9.3.6 BREs Matching Multiple Characters

The following rules can be used to construct BREs matching multiple characters from BREs matching a single character:

  1. The concatenation of BREs shall match the concatenation of the strings matched by each component of the BRE.

  2. A subexpression can be defined within a BRE by enclosing it between the character pairs "\(" and "\)". Such a subexpression shall match whatever it would have matched without the "\(" and "\)", except that anchoring within subexpressions is optional behavior; see 9.3.8 BRE Expression Anchoring. Subexpressions can be arbitrarily nested.

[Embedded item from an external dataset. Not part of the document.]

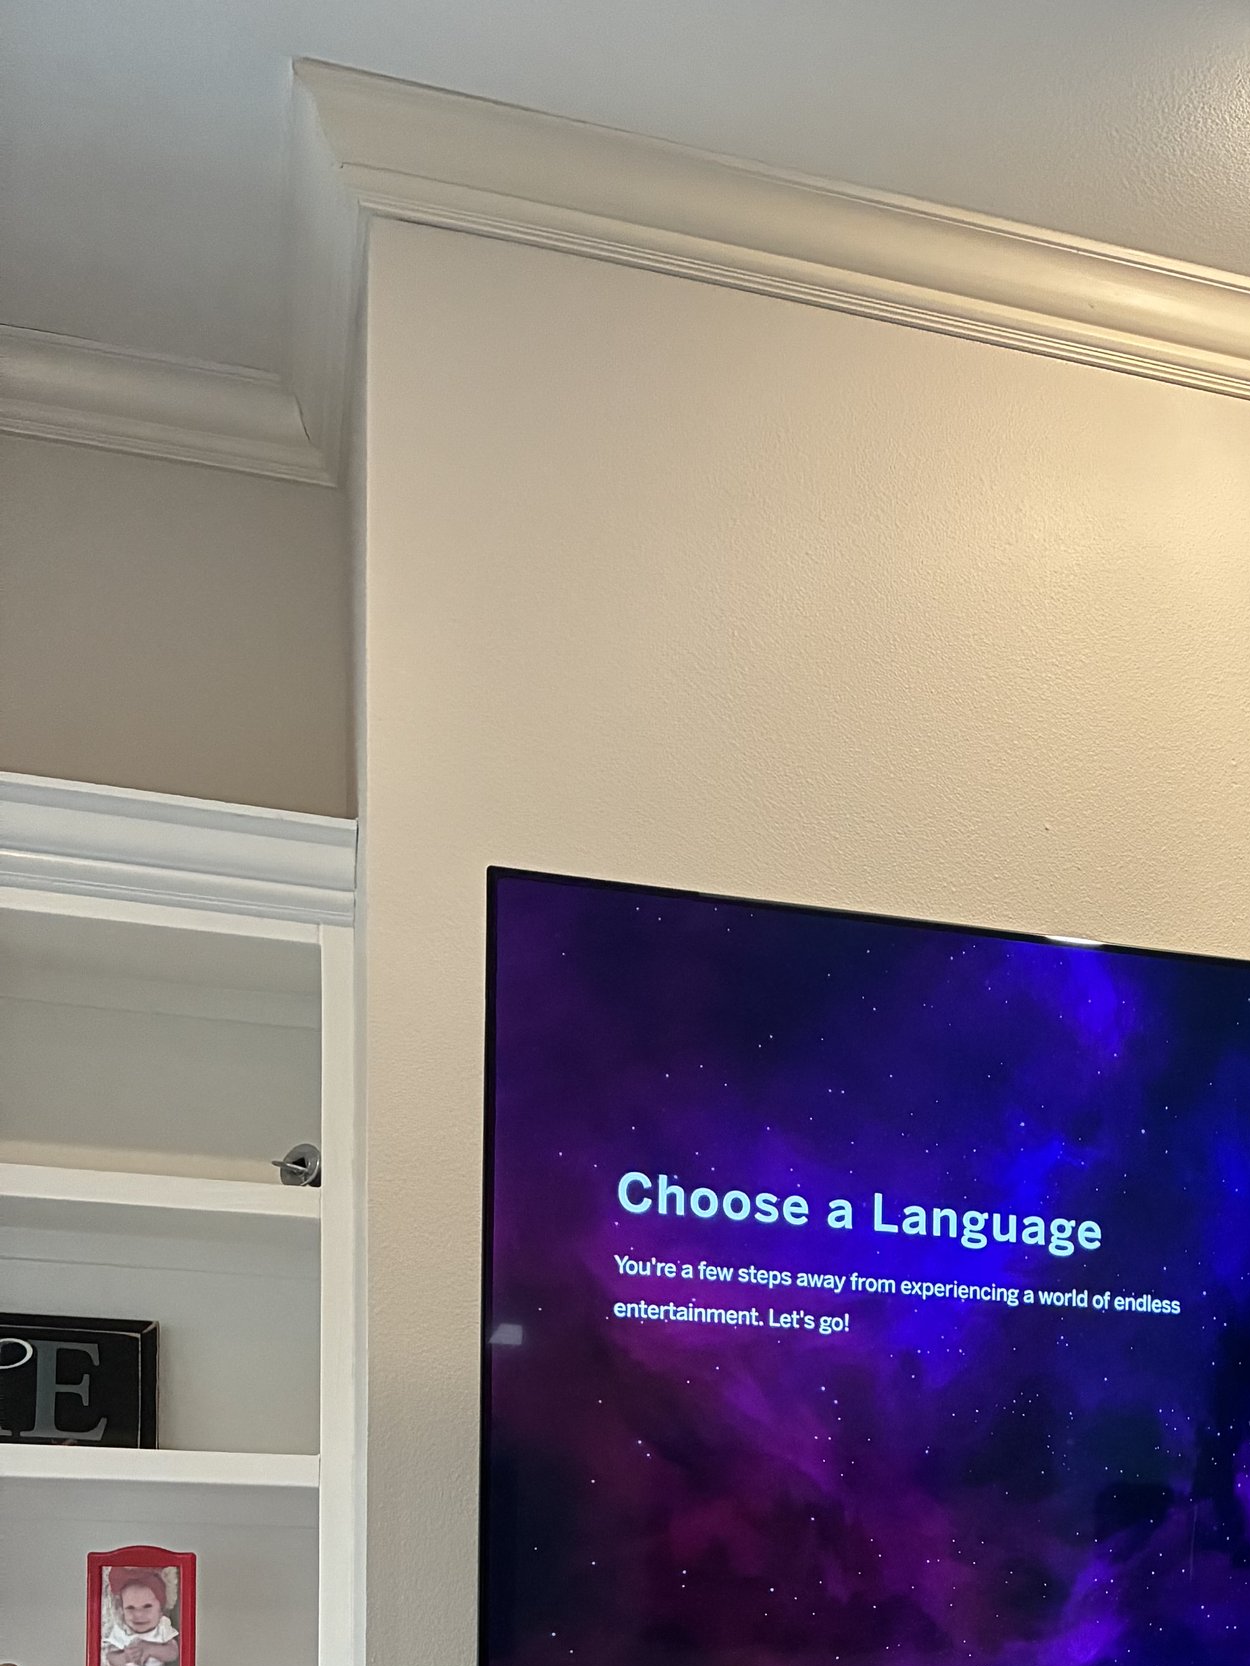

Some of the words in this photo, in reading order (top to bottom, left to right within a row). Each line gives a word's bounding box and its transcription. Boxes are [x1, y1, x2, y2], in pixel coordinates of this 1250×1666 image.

  3. The back-reference expression '\n' shall match the same (possibly empty) string of characters as was matched by a subexpression enclosed between "\(" and "\)" preceding the '\n'. The character 'n' shall be a digit from 1 through 9, specifying the nth subexpression (the one that begins with the nth "\(" from the beginning of the pattern and ends with the corresponding paired "\)"). The expression is invalid if less than n subexpressions precede the '\n'. The string matched by a contained subexpression shall be within the string matched by the containing subexpression. If the containing subexpression does not match, or if there is no match for the contained subexpression within the string matched by the containing subexpression, then back-reference expressions corresponding to the contained subexpression shall not match. When a subexpression matches more than one string, a back-reference expression corresponding to the subexpression shall refer to the last matched string. For example, the expression "^\(.*\)\1$" matches strings consisting of two adjacent appearances of the same substring, and the expression "\(a\)*\1" fails to match 'a', the expression "\(a\(b\)*\)*\2" fails to match 'abab', and the expression "^\(ab*\)*\1$" matches 'ababbabb', but fails to match 'ababbab'.

  4. When a BRE matching a single character, a subexpression, or a back-reference is followed by the special character <asterisk> ('*'), together with that <asterisk> it shall match what zero or more consecutive occurrences of the BRE would match. For example, "[ab]*" and "[ab][ab]" are equivalent when matching the string "ab".

  5. When a BRE matching a single character, a subexpression, or a back-reference is followed by an interval expression of the format "\{m\}", "\{m,\}", or "\{m,n\}", together with that interval expression it shall match what repeated consecutive occurrences of the BRE would match. The values of m and n are decimal integers in the range 0 <=m<=n<={RE_DUP_MAX}, where m specifies the exact or minimum number of occurrences and n specifies the maximum number of occurrences. The expression "\{m\}" shall match exactly m occurrences of the preceding BRE, "\{m,\}" shall match at least m occurrences, and "\{m,n\}" shall match any number of occurrences between m and n, inclusive.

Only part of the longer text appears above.